5. (US) a man-about-town, a loafer with no visible means of support but an endless appetite for good clothes, parties and places of entertainment; such a man lived by his wits and often off foolish women.

[UK]Bell’s Life in London 16 Feb. 4/3: Luke Cox had seen lady Portsmouth and Mr. Alder walking together.

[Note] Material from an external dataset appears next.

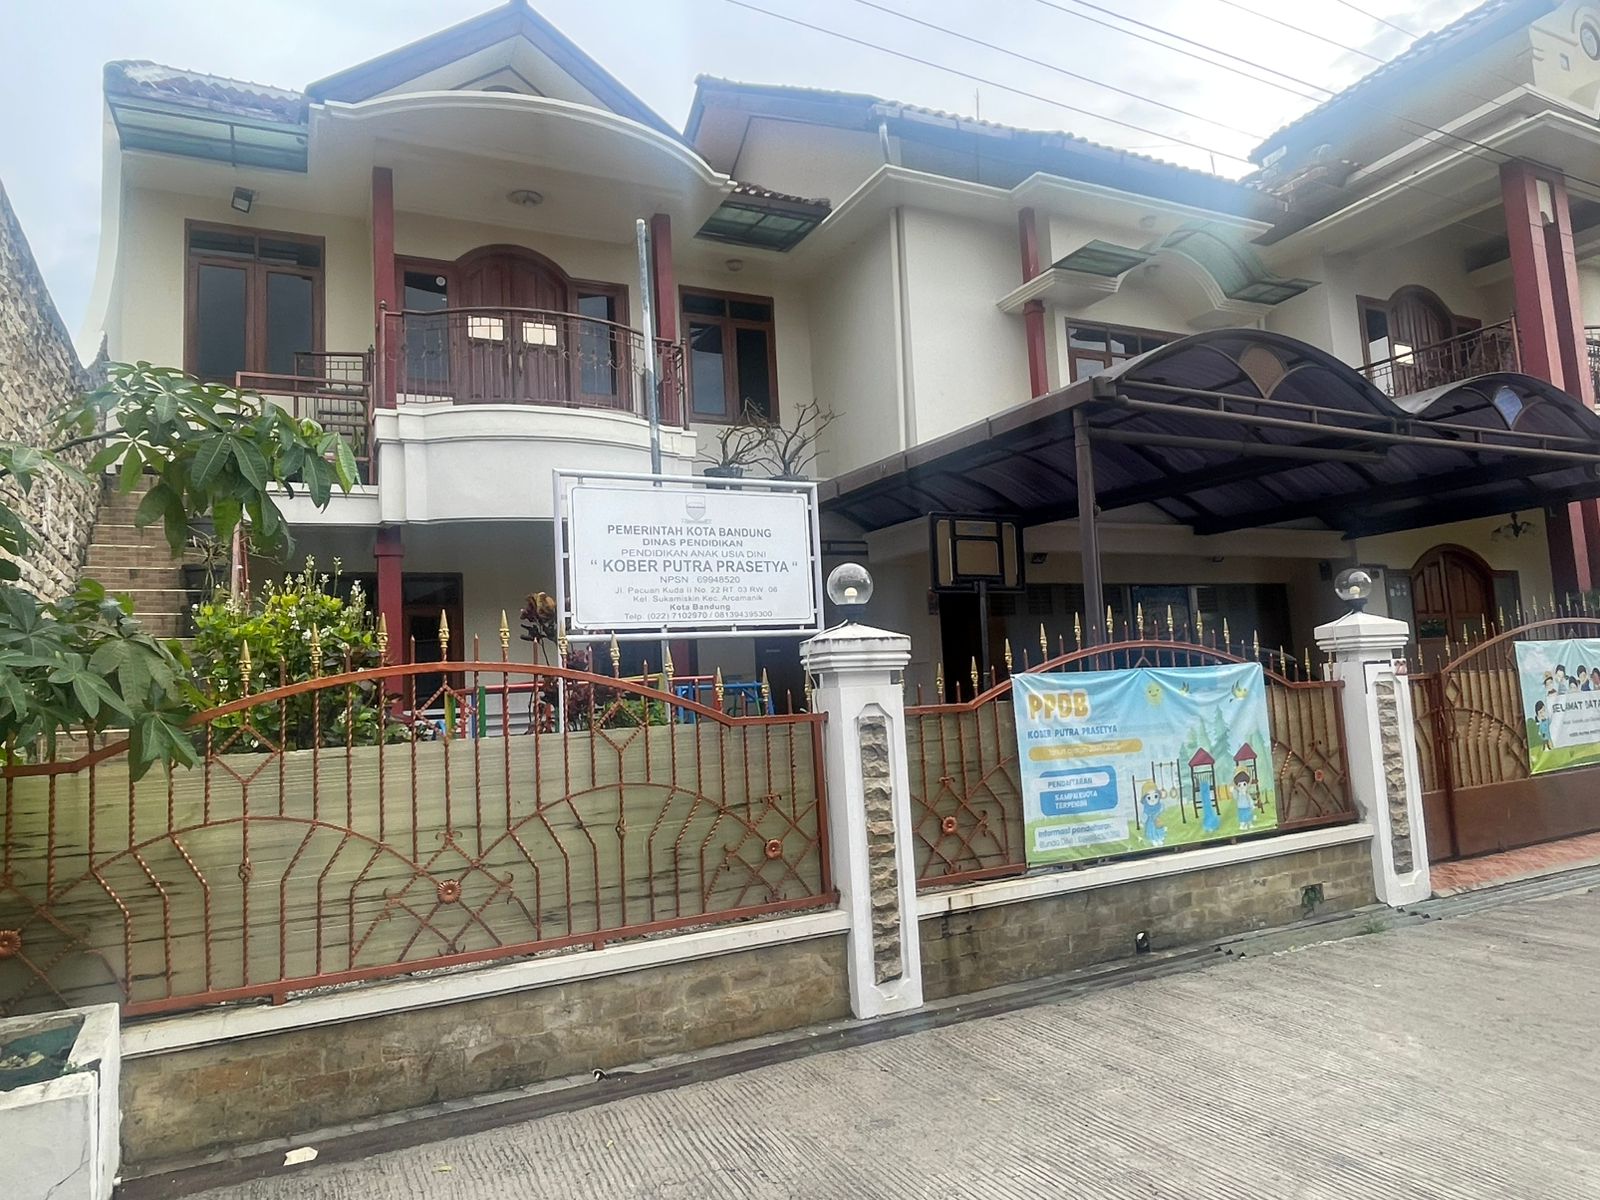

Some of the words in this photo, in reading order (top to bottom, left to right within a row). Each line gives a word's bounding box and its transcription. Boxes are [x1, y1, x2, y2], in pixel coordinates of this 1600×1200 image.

His Lordship had said, ‘There goes my Lady and her Flash-man’.
[UK]Marryat Peter Simple (1911) 252: A large mob was collected in the street, vowing vengeance on us for our treatment of their flash man.
[UK] ‘She Sleeps With A Tall Grenadier’ Gentleman’s Spicey Songster 23: What you have been out on the pave, / I now can see very clear; / And I’m told by an elderly dame, / That your flash man’s a tall granadier.
[Aus]Bell’s Life in Victoria (Melbourne) 3 Oct. 3/6: [A] pack of flash men, thimble-riggers, etc., have arrived to participate in the profits of to-day's grand Intercolonial match.
[US]Appleton’s Journal (N.Y.) 19 Feb. 212/2: They form the ‘Nineteenth-Street Gangs,’ the young burglars and murderers, the garroters and rioters, the thieves and flash-men, the ‘repeaters’ and ruffians, so well known to all who know this metropolis.
[Aus]Sydney Sportsman (Surry Hills, NSW) 7 Jan. 3/5: A flash man met a portly woman [...] As there was nothing to be m ade out of her her pointed to a well-known corner loafer of the well-dressed, never-work type [etc].

6. an intinerant hawker.

S. Smiles Lives of the Engineers I Pt 5 i 307: Those articles were sold throughout the country by pedestrian hawkers, most of whom lived in the wild country called the flash, from a hamlet of that name situated between Buxton, Leek, and Macclesfield. Travelling about from fair to fair, and using a cant or slang dialect, they became generally known as flash-men [F&H].